### Problem statement
Apart from the images, reproduce all of the data word for word.

Referring expression grounding data
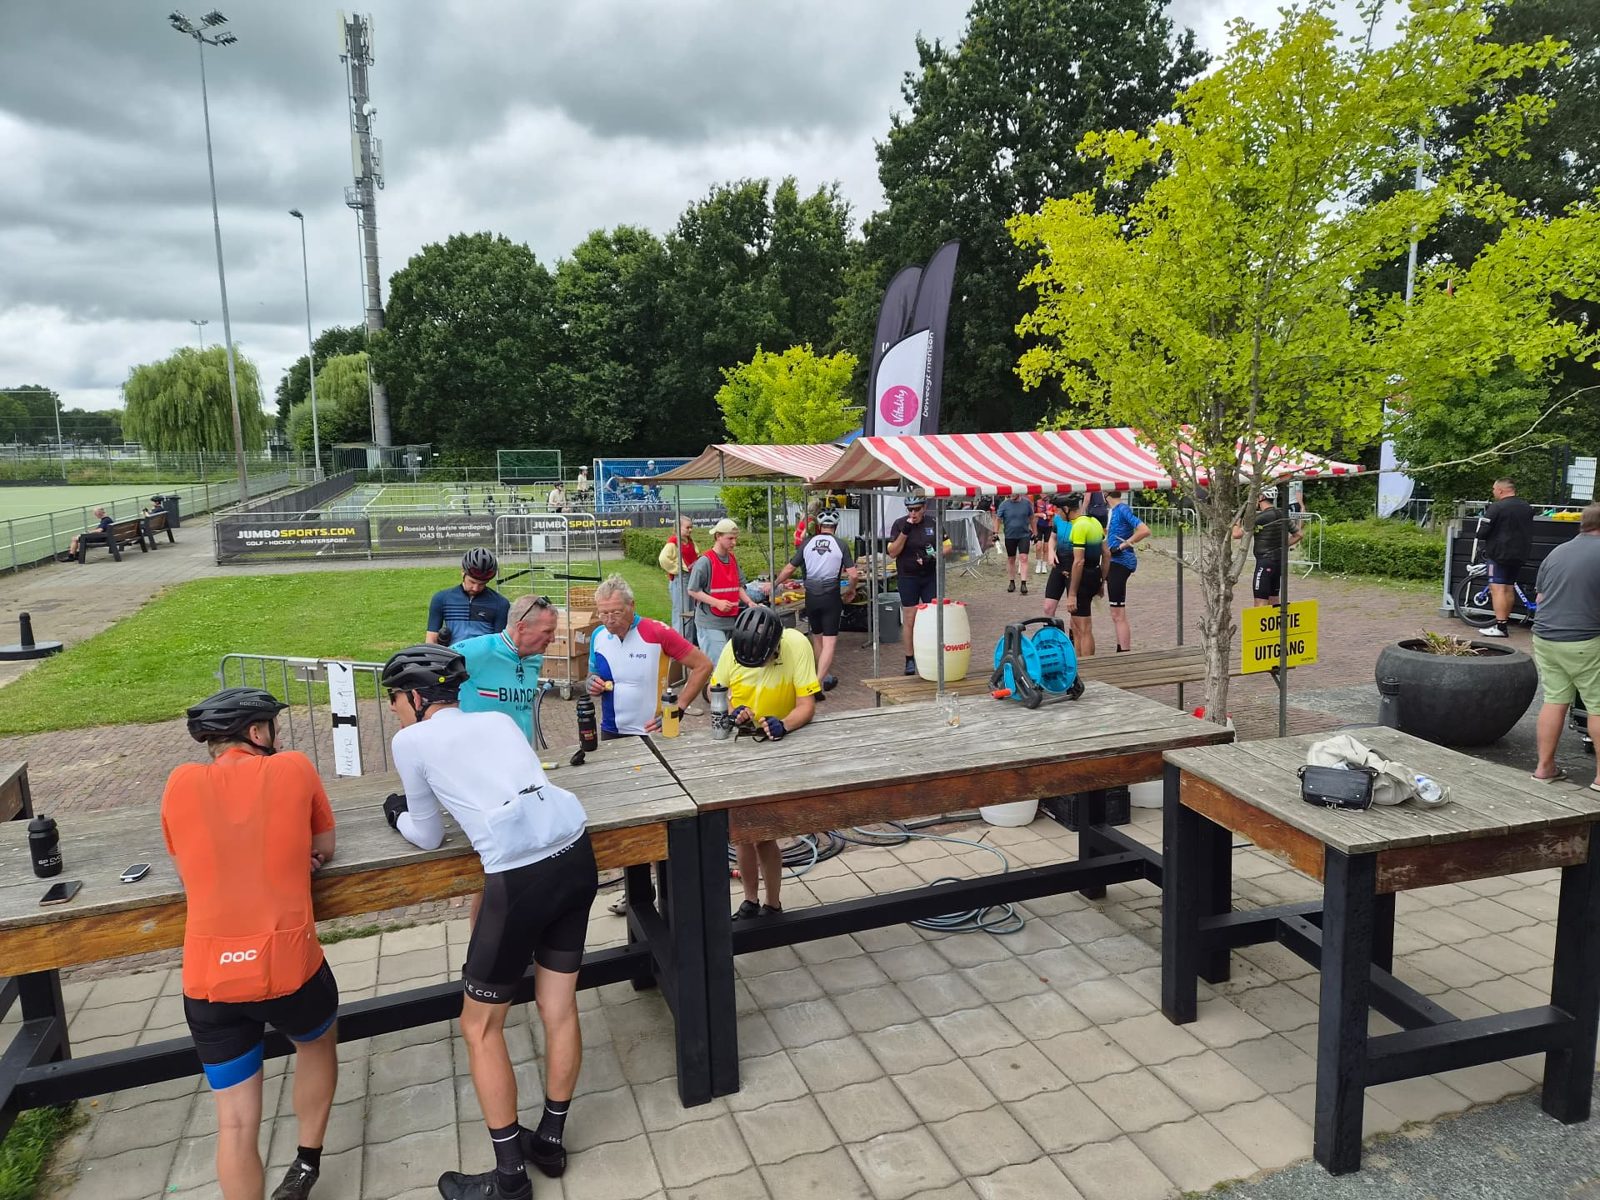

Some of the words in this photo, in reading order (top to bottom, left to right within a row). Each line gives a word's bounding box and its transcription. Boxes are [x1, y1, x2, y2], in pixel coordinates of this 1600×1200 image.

[891, 389, 908, 423] Vitality
[237, 528, 355, 539] JUMBOSPORTS.COM
[465, 980, 474, 993] LE
[475, 989, 499, 998] COL
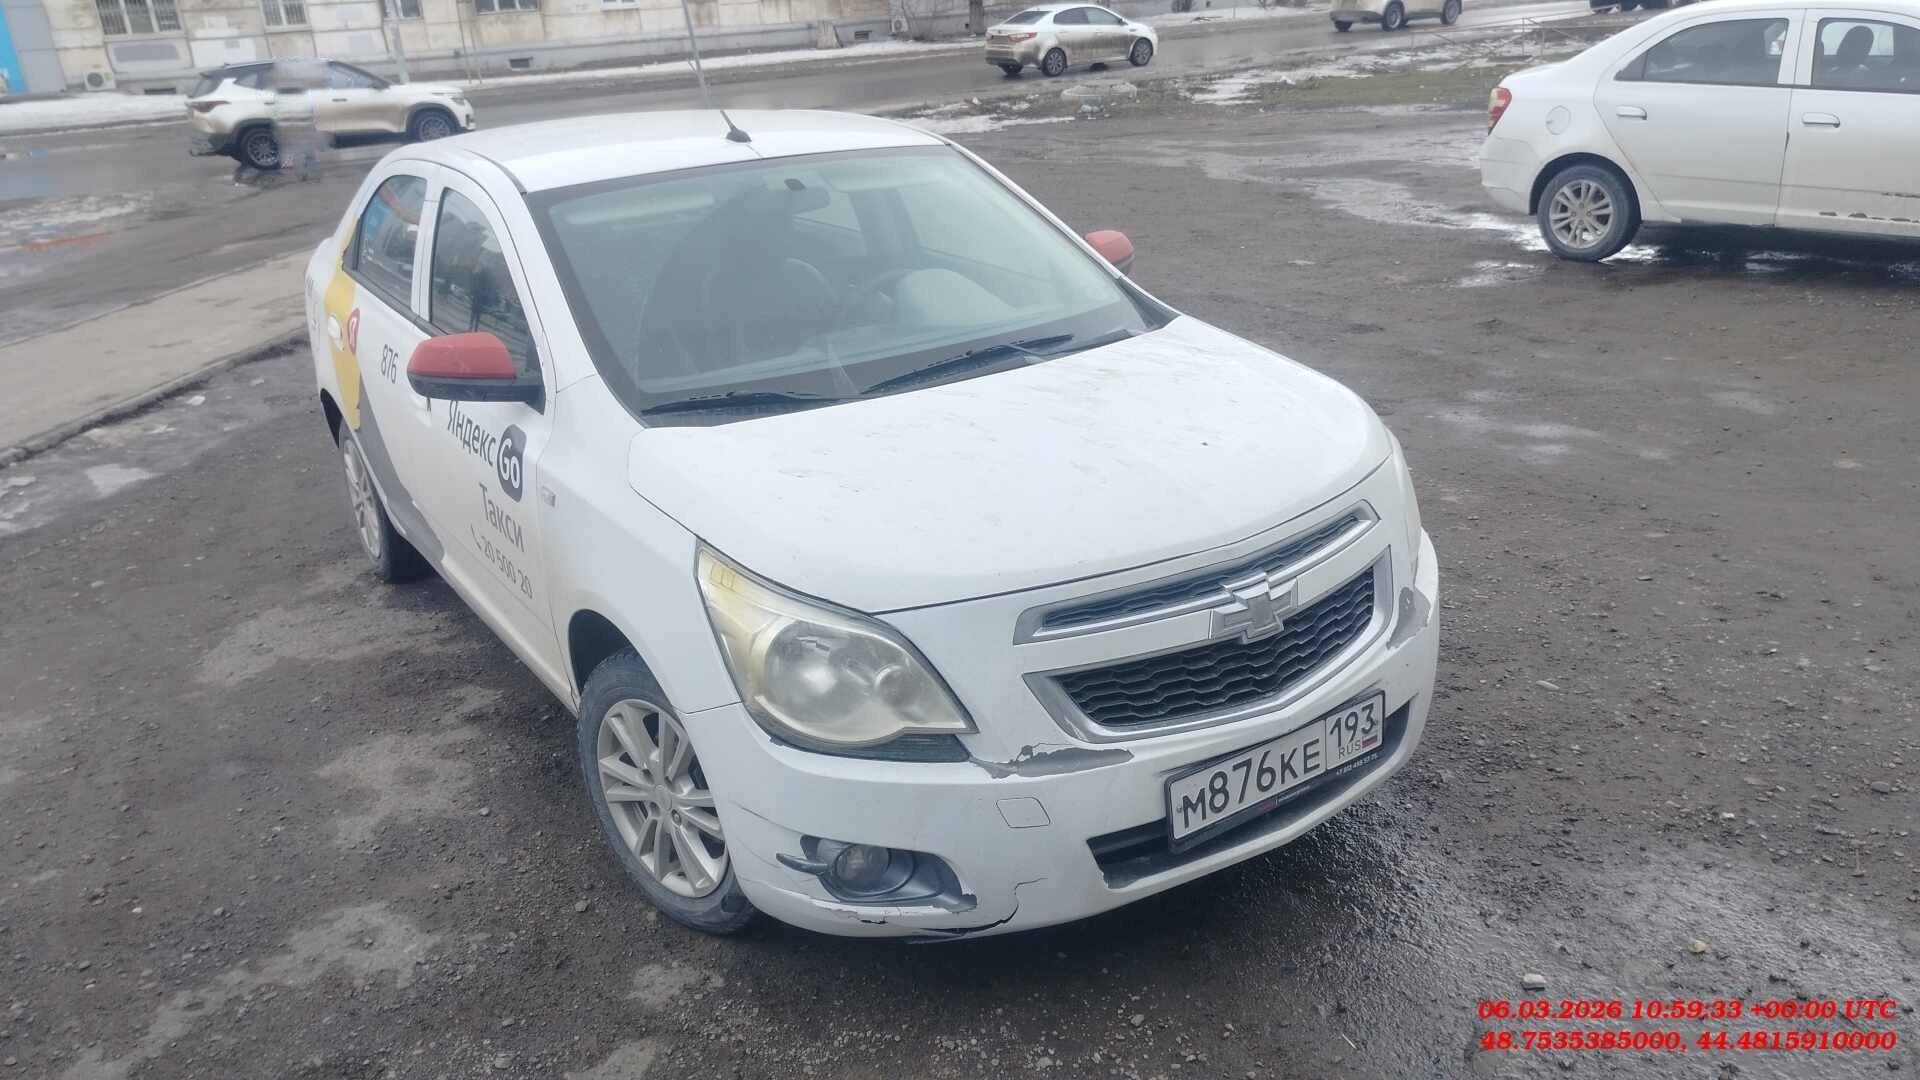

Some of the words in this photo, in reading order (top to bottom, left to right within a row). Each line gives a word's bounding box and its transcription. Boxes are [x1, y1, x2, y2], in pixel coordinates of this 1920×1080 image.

[381, 344, 398, 384] 876
[448, 400, 496, 467] Яндекс
[500, 438, 520, 489] Go
[479, 482, 525, 553] Такси
[481, 535, 496, 564] 20
[518, 570, 534, 599] 20
[1329, 702, 1378, 748] 193
[1338, 741, 1361, 760] RUS

### Exercise response
Some of the words in this photo, in reading order (top to bottom, left to right within a row). Each line gives a word's bounding box and its transcription. Boxes are [x1, y1, x2, y2], in pixel coordinates of this 1600×1200 image.

[891, 389, 908, 423] Vitality
[237, 528, 355, 539] JUMBOSPORTS.COM
[465, 980, 474, 993] LE
[475, 989, 499, 998] COL

Some of the words in this photo, in reading order (top to bottom, left to right within a row). Each line gives a word's bounding box and its transcription. Boxes are [x1, y1, x2, y2], in pixel coordinates of this 1920×1080 image.

[381, 344, 398, 384] 876
[448, 400, 496, 467] Яндекс
[500, 438, 520, 489] Go
[479, 482, 525, 553] Такси
[481, 535, 496, 564] 20
[518, 570, 534, 599] 20
[1329, 702, 1378, 748] 193
[1338, 741, 1361, 760] RUS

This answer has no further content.